▸ AIM OF THE TASK
Drop the pictures and repeat the remaining data exactly.

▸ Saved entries
····················

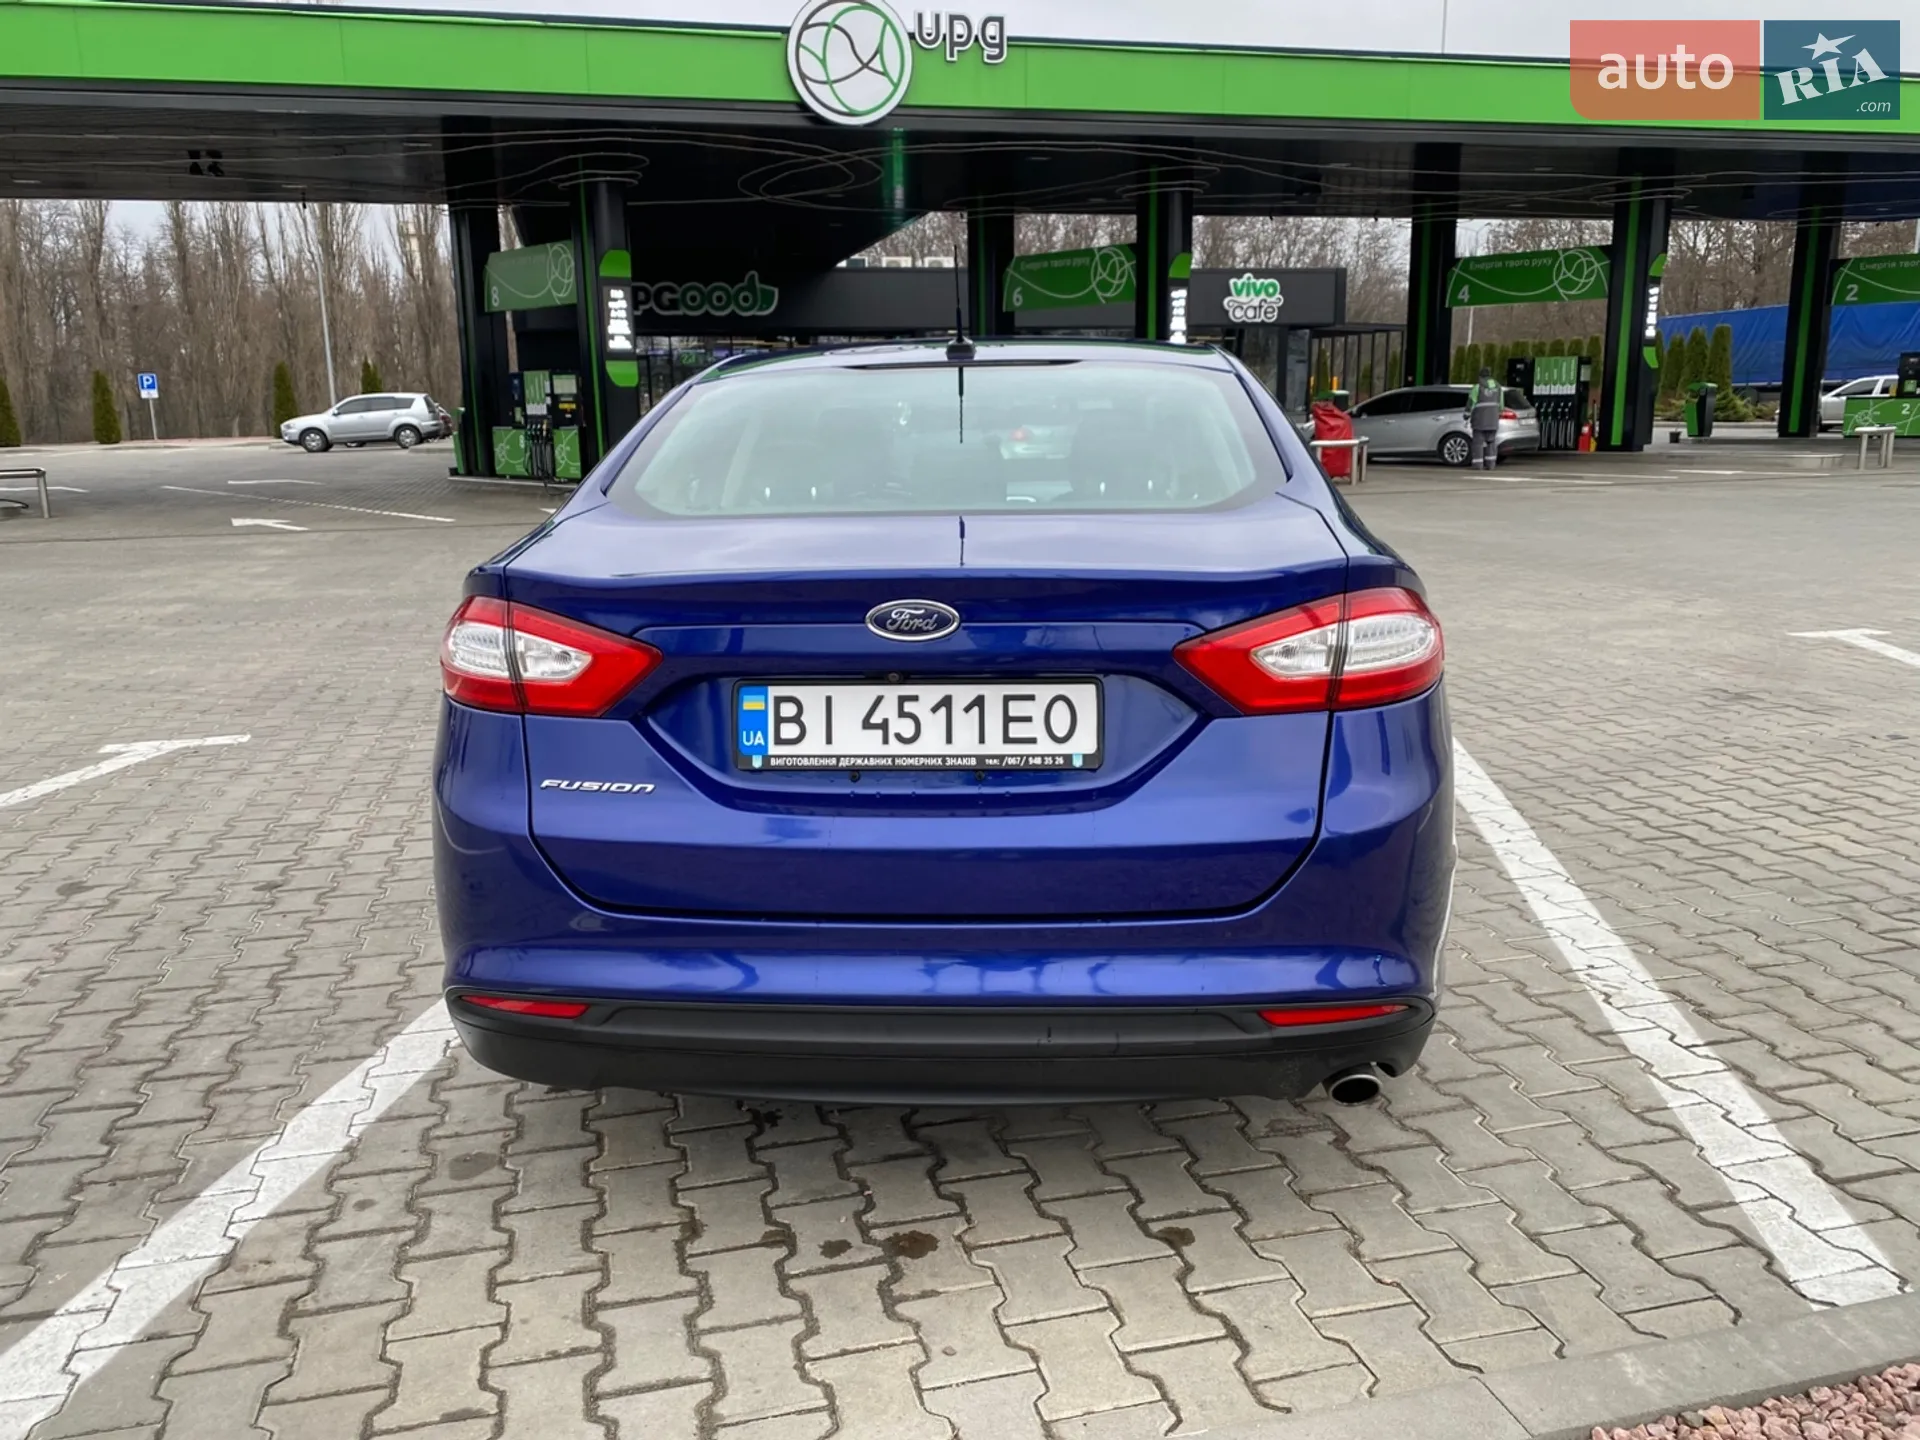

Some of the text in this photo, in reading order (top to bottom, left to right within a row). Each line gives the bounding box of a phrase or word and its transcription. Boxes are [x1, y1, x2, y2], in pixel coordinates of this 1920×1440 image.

[914, 11, 1007, 63] upg
[1230, 273, 1280, 298] vivo
[1457, 284, 1470, 302] 4
[1845, 283, 1859, 301] 2
[491, 286, 500, 307] 8
[1012, 286, 1023, 306] 6
[1901, 403, 1911, 415] 2
[886, 608, 938, 631] Ford
[742, 730, 765, 746] UA
[770, 757, 837, 766] ВИГОТОВЛЕННЯ
[838, 757, 893, 767] ДЕРЖАВНИХ
[895, 757, 943, 766] НОМЕРНИХ
[945, 756, 977, 766] ЗНАКІВ
[1028, 756, 1042, 766] 948
[1044, 756, 1053, 765] 35
[1054, 756, 1064, 765] 26
[540, 779, 656, 794] FUSION
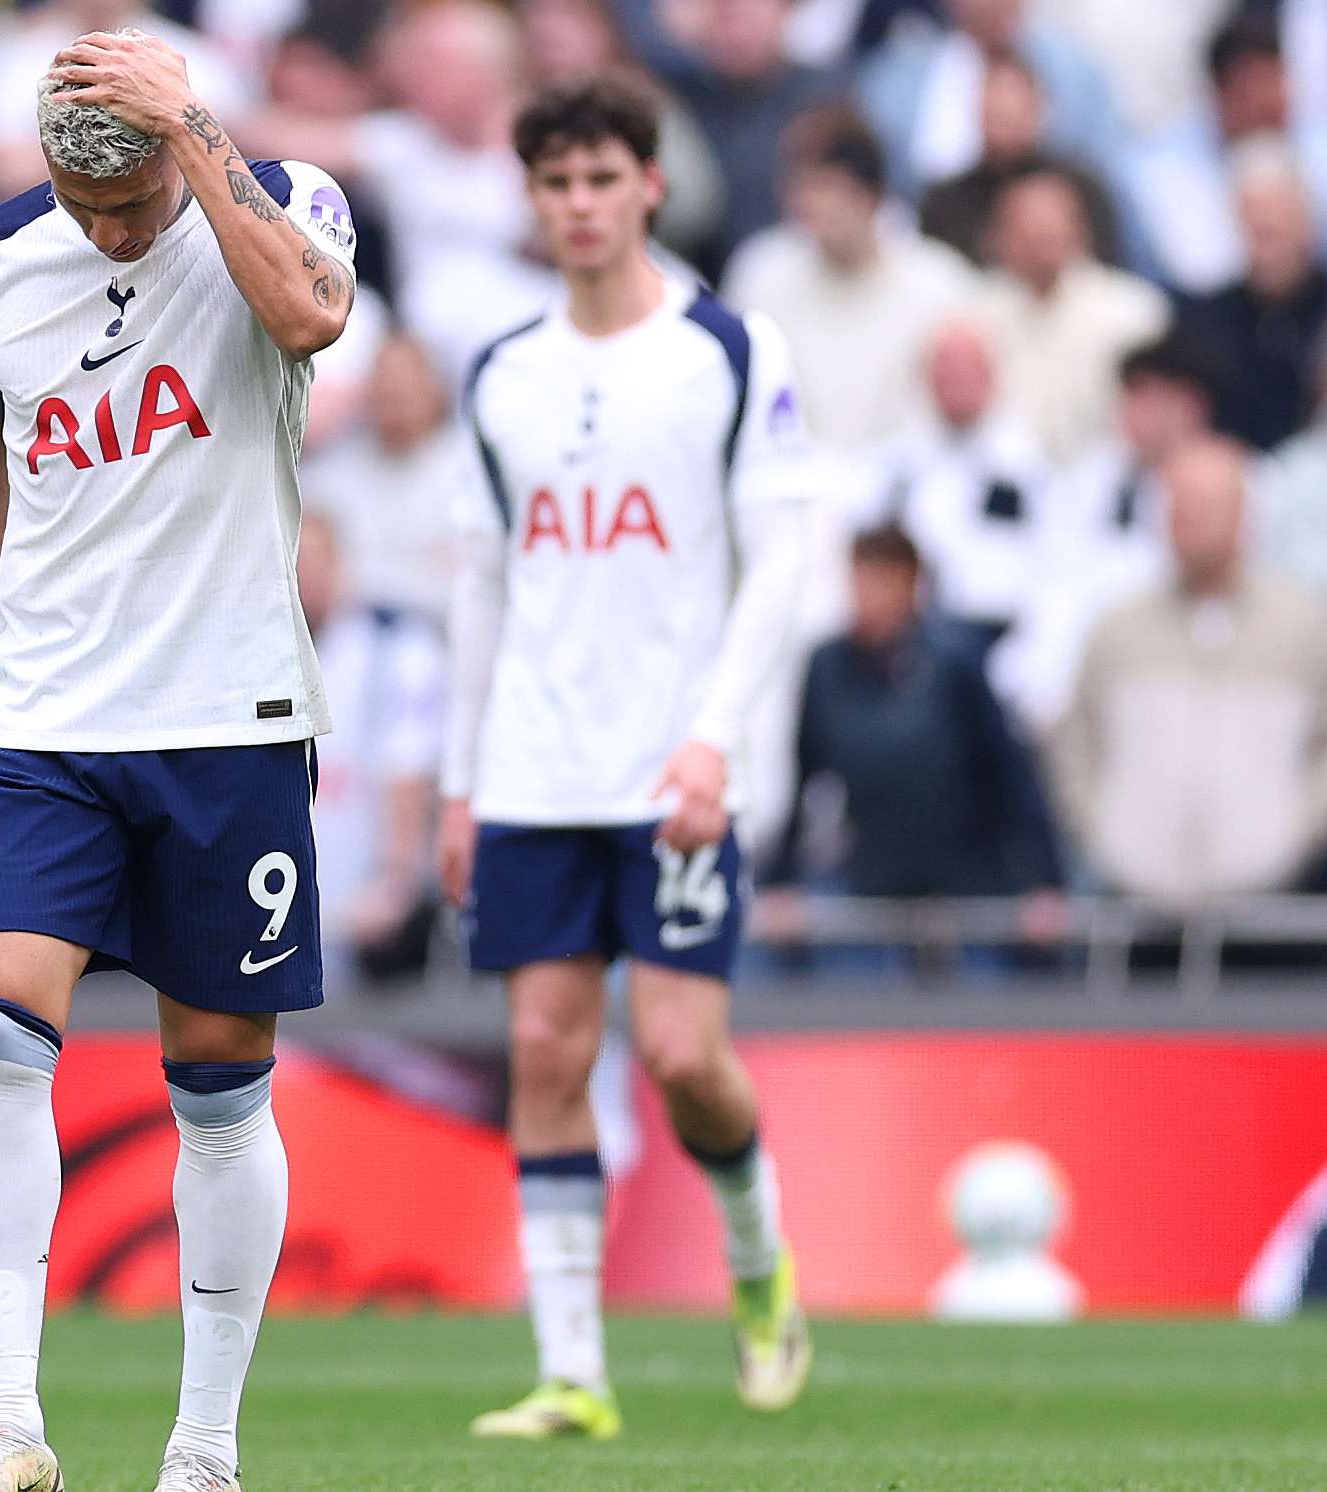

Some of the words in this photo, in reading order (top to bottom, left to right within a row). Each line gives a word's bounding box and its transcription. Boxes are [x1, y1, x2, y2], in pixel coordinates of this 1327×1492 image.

····················

▸ RESPONSE TO THIS TASK
Some of the text in this photo, in reading order (top to bottom, left to right within a row). Each line gives the bounding box of a phrase or word and its transcription. Boxes are [x1, y1, x2, y2], in pixel coordinates of this 1920×1440 image.

[914, 11, 1007, 63] upg
[1230, 273, 1280, 298] vivo
[1457, 284, 1470, 302] 4
[1845, 283, 1859, 301] 2
[491, 286, 500, 307] 8
[1012, 286, 1023, 306] 6
[1901, 403, 1911, 415] 2
[886, 608, 938, 631] Ford
[742, 730, 765, 746] UA
[770, 757, 837, 766] ВИГОТОВЛЕННЯ
[838, 757, 893, 767] ДЕРЖАВНИХ
[895, 757, 943, 766] НОМЕРНИХ
[945, 756, 977, 766] ЗНАКІВ
[1028, 756, 1042, 766] 948
[1044, 756, 1053, 765] 35
[1054, 756, 1064, 765] 26
[540, 779, 656, 794] FUSION

Some of the words in this photo, in reading order (top to bottom, left to right within a row). Each line gives a word's bounding box and its transcription. Boxes are [x1, y1, x2, y2], in pixel coordinates of this 1327×1492 image.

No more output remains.